§ Text-to-region grounding data:
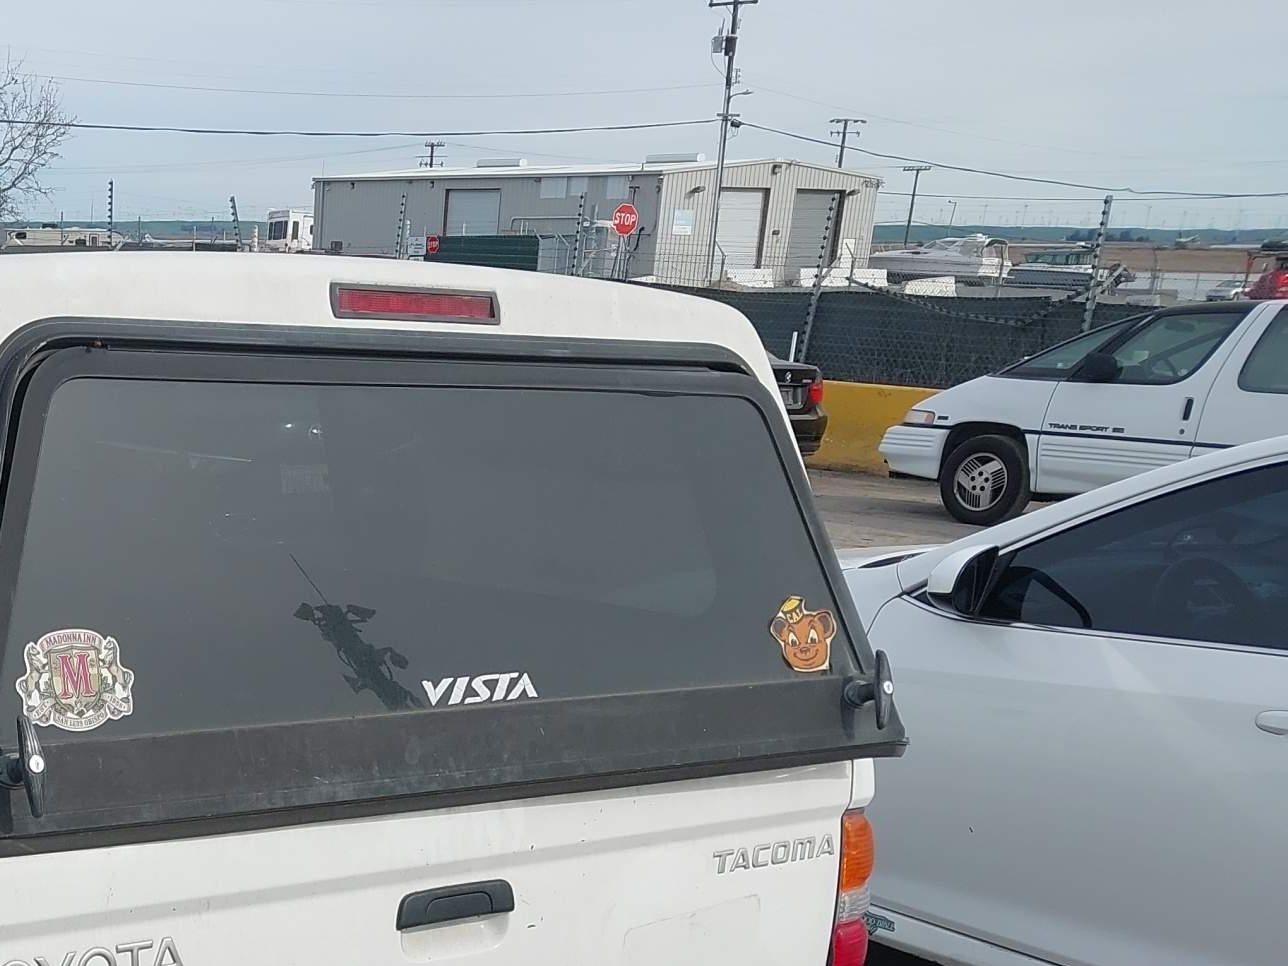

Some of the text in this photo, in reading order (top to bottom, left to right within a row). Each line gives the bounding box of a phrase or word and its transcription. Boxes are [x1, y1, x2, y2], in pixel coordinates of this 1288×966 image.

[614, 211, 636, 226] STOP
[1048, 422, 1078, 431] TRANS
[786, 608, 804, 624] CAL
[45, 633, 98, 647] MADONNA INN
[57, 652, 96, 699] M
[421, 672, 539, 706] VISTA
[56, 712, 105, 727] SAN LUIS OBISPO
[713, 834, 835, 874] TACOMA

§ What you need to do: Transcribe the data exactly, minus any images.

§ Reply:
Some of the text in this photo, in reading order (top to bottom, left to right within a row). Each line gives the bounding box of a phrase or word and its transcription. Boxes are [x1, y1, x2, y2], in pixel coordinates of this 1288×966 image.

[614, 211, 636, 226] STOP
[1048, 422, 1078, 431] TRANS
[786, 608, 804, 624] CAL
[45, 633, 98, 647] MADONNA INN
[57, 652, 96, 699] M
[421, 672, 539, 706] VISTA
[56, 712, 105, 727] SAN LUIS OBISPO
[713, 834, 835, 874] TACOMA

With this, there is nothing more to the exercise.